It might be one of the most common of Australia’s waterbirds, but with its cute face and adept diving and flying skills, the Little Pied Cormorant (Microcarbo melanoleucos) takes pride of place as our #22 Bird Photography Challenge.
What does it look like?
The Little Pied Cormorant is entirely glossy black above and white below. The head is predominantly white with a small crest and with black plumage to the crown, extending to the back of the neck. The bill is short and yellow with a blunt hook in the upper mandible. The tail is long, black and wedge shaped. Its webbed feet and legs are black. This is a small cormorant – 50 to 60cms – with a wingspan of 84 to 91cms.
How does it behave?
The Little Pied Cormorant feeds on a variety of aquatic animals, shrimps, insects, crustaceans and fish. These are caught by deep diving with both feet kicking outward in unison and the wings folded. It finds its prey on the sea floor. Dives can last from 15 to 20 seconds.
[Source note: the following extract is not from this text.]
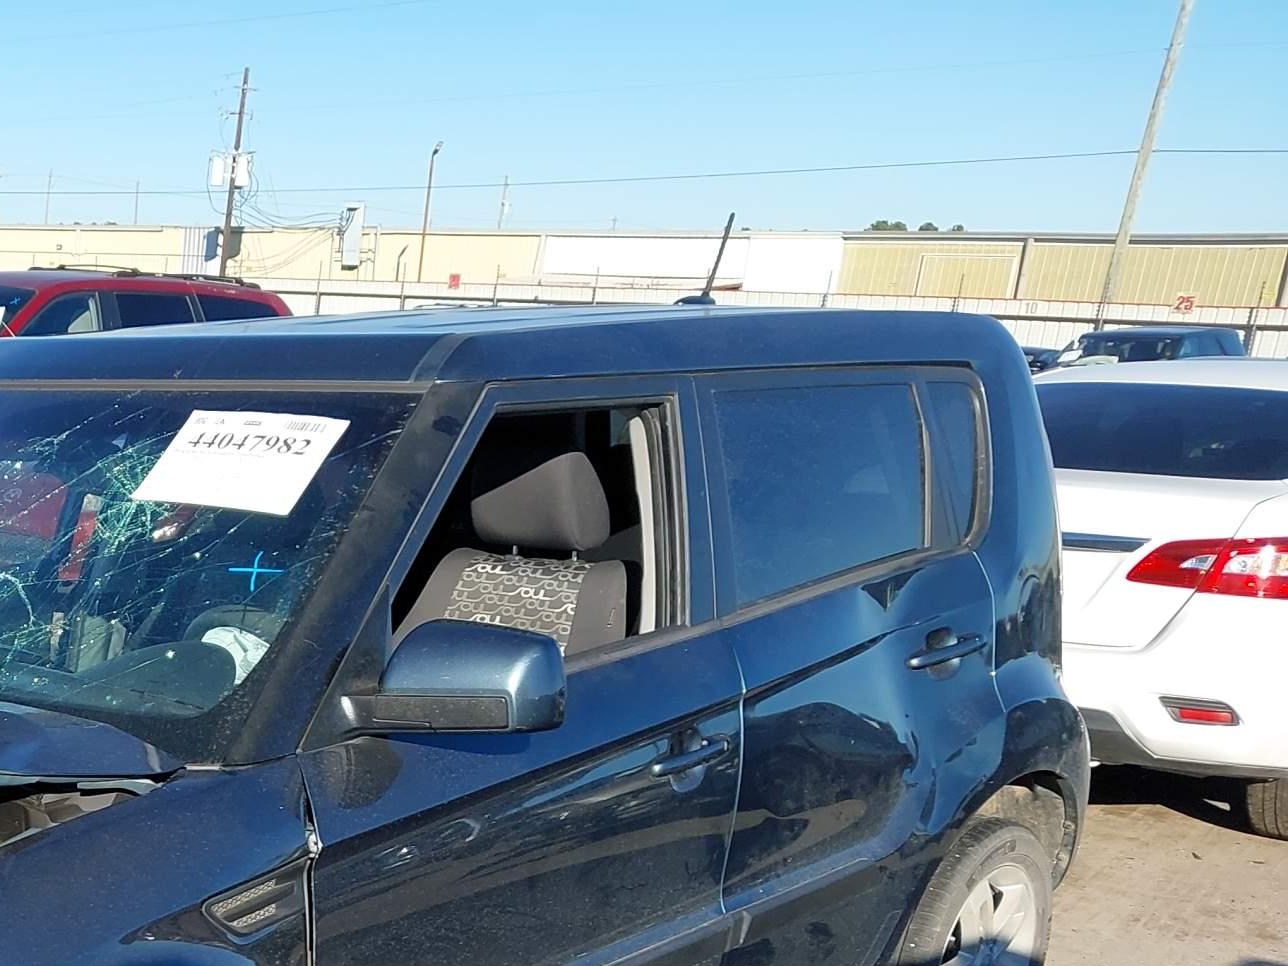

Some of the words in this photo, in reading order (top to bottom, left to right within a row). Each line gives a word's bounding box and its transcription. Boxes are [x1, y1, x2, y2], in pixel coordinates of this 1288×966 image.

[1025, 303, 1039, 314] 10
[1174, 295, 1196, 311] 25
[188, 431, 312, 456] 44047982
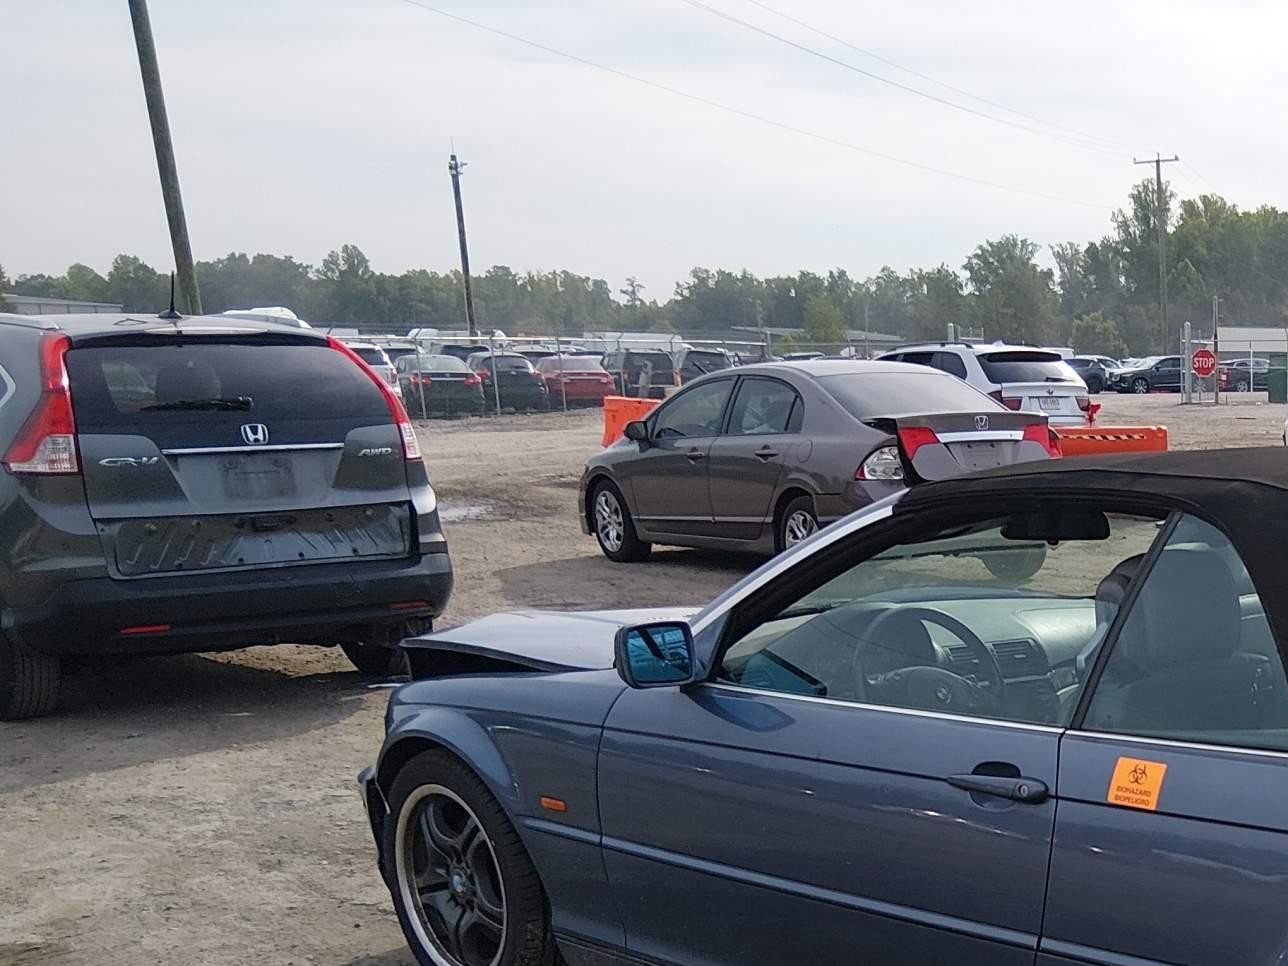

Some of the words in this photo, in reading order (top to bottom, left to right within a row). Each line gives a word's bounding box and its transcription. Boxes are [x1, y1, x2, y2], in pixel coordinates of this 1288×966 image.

It catches fish crosswise, brings it to the surface, and flips it in the air to position it and swallow it head first. The Cormorant’s feathers don’t trap air like water resistant varieties, making it easier for it to dive and stay submerged while it chases fish. Thus the feathers become waterlogged. After being underwater for a while it spends time drying out and preening. You can often see it standing on a log or rock, stretching out its wings to dry its feathers.
The Little Pied Cormorant breeds in colonies. The nest is a flat platform of sticks in the fork of a tree, lined with green leaves. Both adults share in egg incubation.
Did you know?
The Little Pied Cormorant has a nasal salt gland that allows it to fish in saltwater and flush out the salt it swallows.
Where is it found?
At home in either fresh or salt water in Australasia, the Little Pied Cormorants are often seen in large flocks on the coast and on open waterways and estuaries, where fish are abundant, such as the Gippsland Lakes where these photos were taken. A few were taken using the Canon 60D and others with the 7Dii, and a Canon EF100-400 lens, hand held.